Meski kondisi industri tekstil sudah demikian terpuruk, asa masih tetap ada. Kepada pemerintahan Prabowo, yang tak lama lagi akan melanjutkan pemerintahan, ia menaruh harapan. Menurutnya, Prabowo harus bisa mengambil pelajaran dari apa yang dilakukan pemerintahan Jokowi terhadap industri padat karya dan industri kreatif seperti tekstil dan garmen. Soalnya, industri padat karya inilah yang bisa menyerap problem tenaga kerja dan bonus demografi.
“Ini adalah tantangan bagi Pak Prabowo untuk membuktikan janji kampanyenya. Dia harus fokus pada tiga industri penting, meskipun yang lain tak boleh ditinggalkan, yaitu industri padat karya, industri kreatif, dan industri ketahanan pangan,” katanya kepada Edy Suherli, Bambang Eros, Irfan Meidianto, dan Dandi Januar saat bertandang ke kantor VOI di bilangan Tanah Abang, Jakarta Pusat, belum lama ini. Inilah petikan selengkapnya.
Industri tekstil Indonesia menghadapi tantangan berat, banyak pabrik yang tutup dan karyawan di-PHK, seperti apa kondisinya saat ini?
Yang menarik bagi publik adalah banyaknya karyawan pabrik tekstil yang di-PHK. Situasi PHK ini sudah tidak terkendali. Dalam tiga tahun terakhir, jumlah karyawan yang di-PHK hampir mencapai 200.000, dan hanya dalam satu bulan terakhir, hampir 30.000 orang diberhentikan. Alasan pemberhentian ini karena banyak pabrik yang tutup. Tiga tahun lalu, pabrik masih bisa melakukan efisiensi, tetapi sekarang hal itu sudah tidak bisa lagi. Dalam dua tahun terakhir, ada 22 pabrik tekstil yang tutup.
Berapa banyak produksi tekstil nasional dalam dua tahun belakangan ini?
Untuk angka produksi yang konkret, kita tidak bisa menyampaikan secara pasti, tetapi utilisasi mesin saat ini di pabrik-pabrik yang masih ada hanya sekitar 50-60 persen.

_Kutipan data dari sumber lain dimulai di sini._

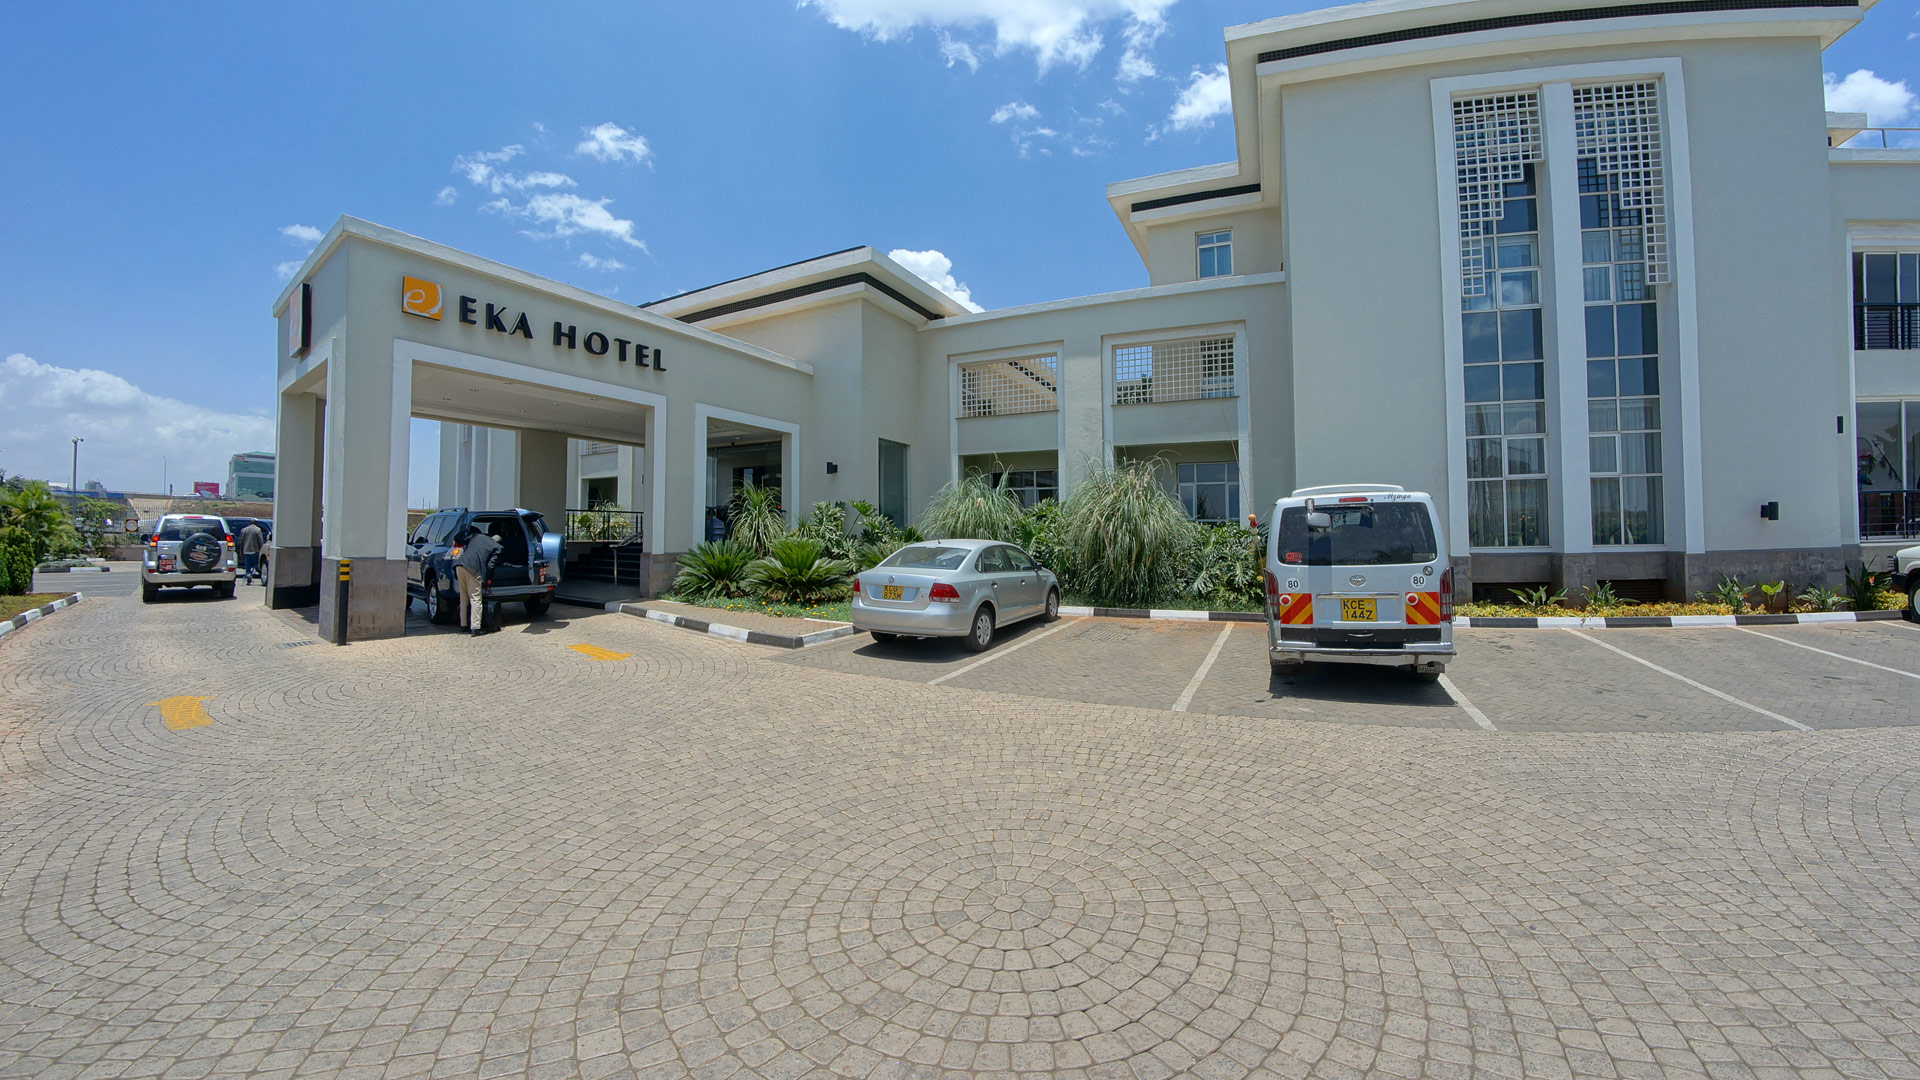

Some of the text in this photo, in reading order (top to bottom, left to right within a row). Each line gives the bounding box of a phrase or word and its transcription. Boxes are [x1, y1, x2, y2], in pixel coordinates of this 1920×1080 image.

[459, 295, 667, 372] EKA HOTEL
[1287, 580, 1299, 588] 80
[1413, 576, 1424, 584] 80
[1343, 600, 1365, 610] KCE
[1345, 610, 1373, 620] 144Z

Jadi, produksi kita hanya setengah dari kapasitas maksimal. Dengan munculnya mesin tekstil baru, mesin-mesin lama menjadi tidak efisien, karena biaya listrik sama, tetapi produksi mesin baru lebih banyak. Akhirnya, mesin lama yang tidak efisien tersebut dipinggirkan dulu, sambil berharap suatu saat nanti industri ini bisa bangkit, dan mesin-mesin tersebut dapat digunakan kembali.

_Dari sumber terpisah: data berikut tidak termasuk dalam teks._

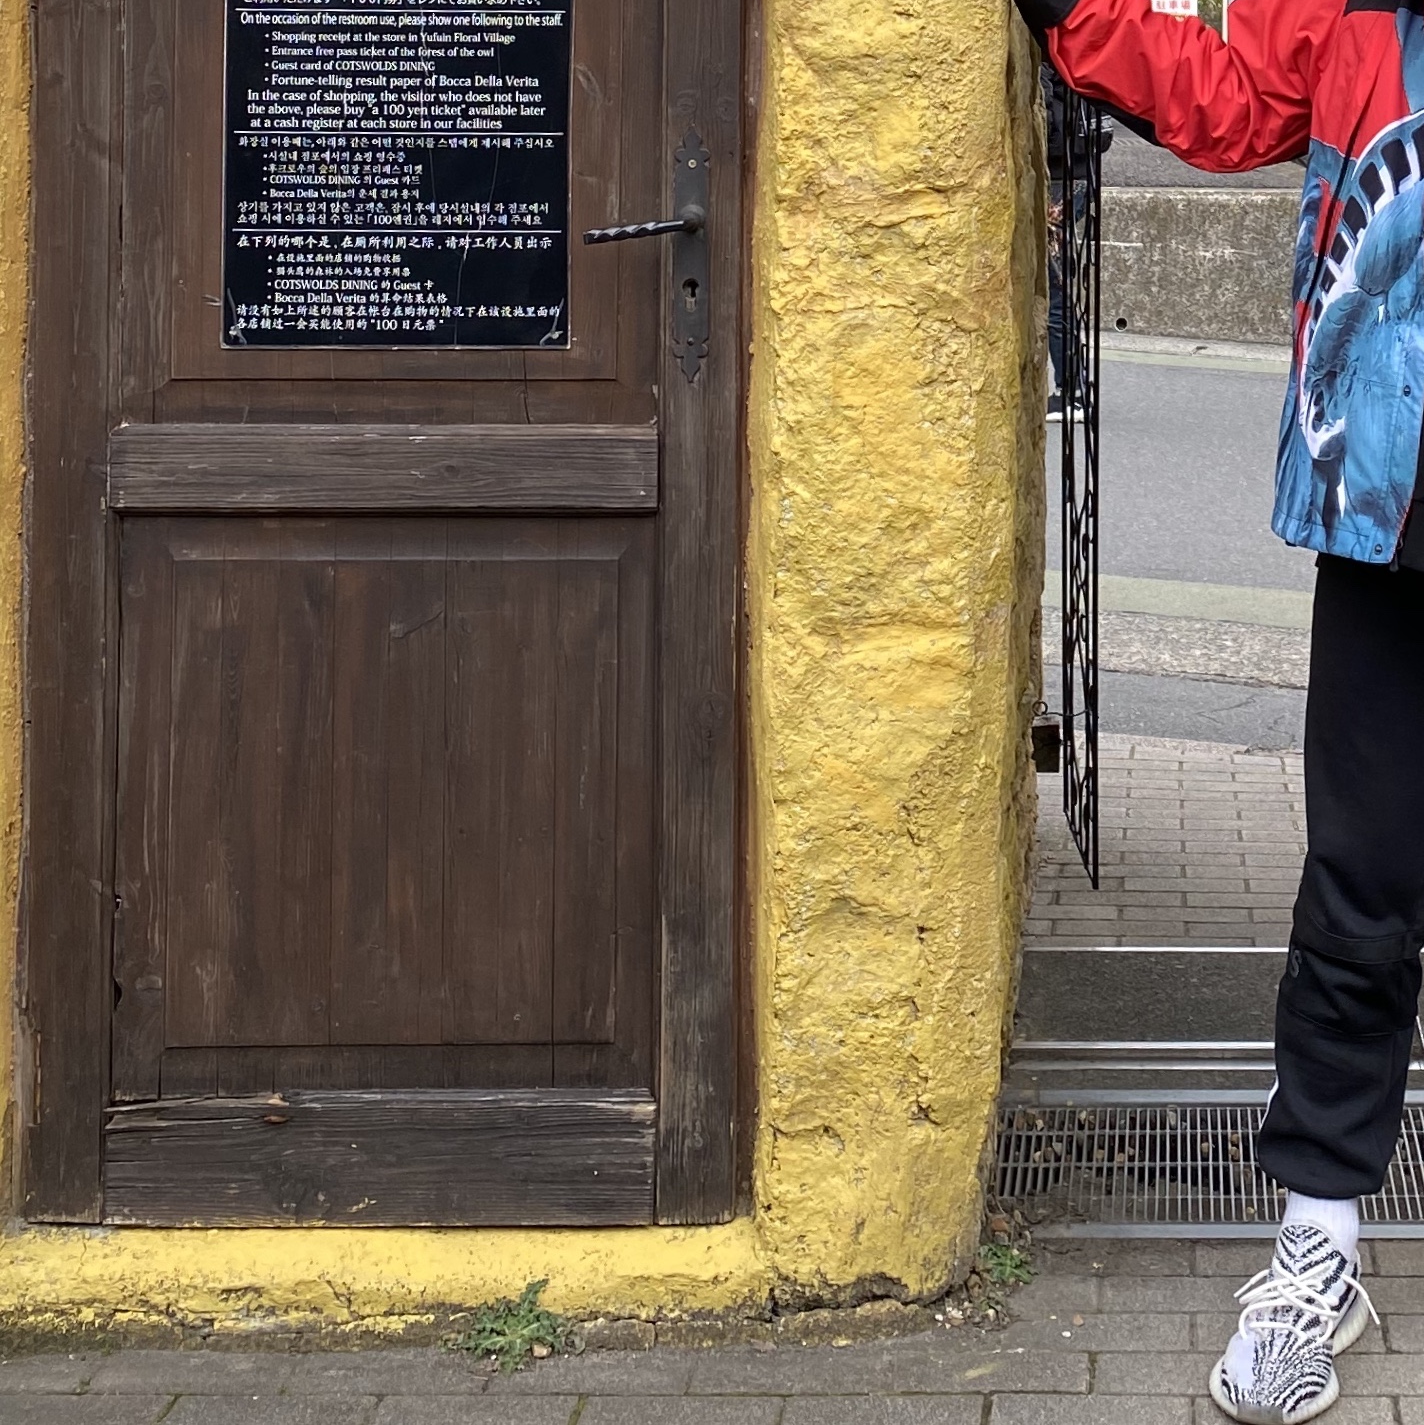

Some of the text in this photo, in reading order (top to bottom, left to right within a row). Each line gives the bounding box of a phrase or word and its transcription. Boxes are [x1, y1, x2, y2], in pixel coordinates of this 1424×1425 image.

[240, 11, 253, 24] On
[255, 11, 270, 24] the
[271, 12, 309, 24] occasion
[311, 11, 321, 24] of
[322, 12, 337, 24] the
[338, 14, 377, 25] restroom
[398, 12, 426, 27] please
[428, 12, 451, 25] show
[452, 16, 470, 26] one
[471, 12, 512, 28] following
[514, 15, 524, 26] to
[525, 13, 540, 26] the
[272, 30, 515, 45] Shopping receipt at the store in Yufuin Floral Village
[272, 45, 493, 57] Entrance free pass ticket of the forest of the owl
[271, 60, 435, 71] Guest card of COTSWOLDS DINING
[271, 73, 539, 89] Fortune-telling result paper of Bocca Della Verita
[247, 88, 259, 101] In
[262, 89, 280, 101] the
[282, 92, 307, 100] case
[309, 89, 322, 101] of
[380, 89, 398, 101] the
[401, 89, 436, 102] visitor
[438, 90, 462, 102] who
[465, 90, 491, 102] does
[491, 92, 512, 102] not
[515, 90, 541, 102] have
[247, 104, 265, 113] the
[306, 104, 341, 117] please
[343, 104, 365, 117] buy
[383, 104, 404, 115] 100
[406, 104, 427, 118] yen
[468, 104, 517, 116] available
[520, 104, 546, 115] later
[250, 116, 502, 131] at a cash register at each store in our facilities
[269, 174, 326, 184] COTSWOLDS
[328, 174, 360, 184] DINING
[374, 175, 398, 185] Guest
[269, 188, 294, 197] Bocca
[296, 188, 318, 197] Della
[274, 279, 339, 289] COTSWOLDS
[341, 279, 377, 290] DINING
[393, 279, 420, 290] Guest
[274, 291, 366, 303] Bocca Della Verita

Saat ini, berapa banyak pengusaha yang tergabung di API?
Ada sekitar 600-an pengusaha yang tergabung di API. Dari jumlah itu, 200-250 pengusaha tekstil berskala besar. Di sektor tekstil, usaha kecil dan menengah juga cukup banyak. Namun, jangan bayangkan usaha kecil dan menengah tekstil itu seperti warung kelontong; mereka memiliki 100-200 unit mesin.
Kalau kita petakan, di mana saja sentra industri tekstil itu?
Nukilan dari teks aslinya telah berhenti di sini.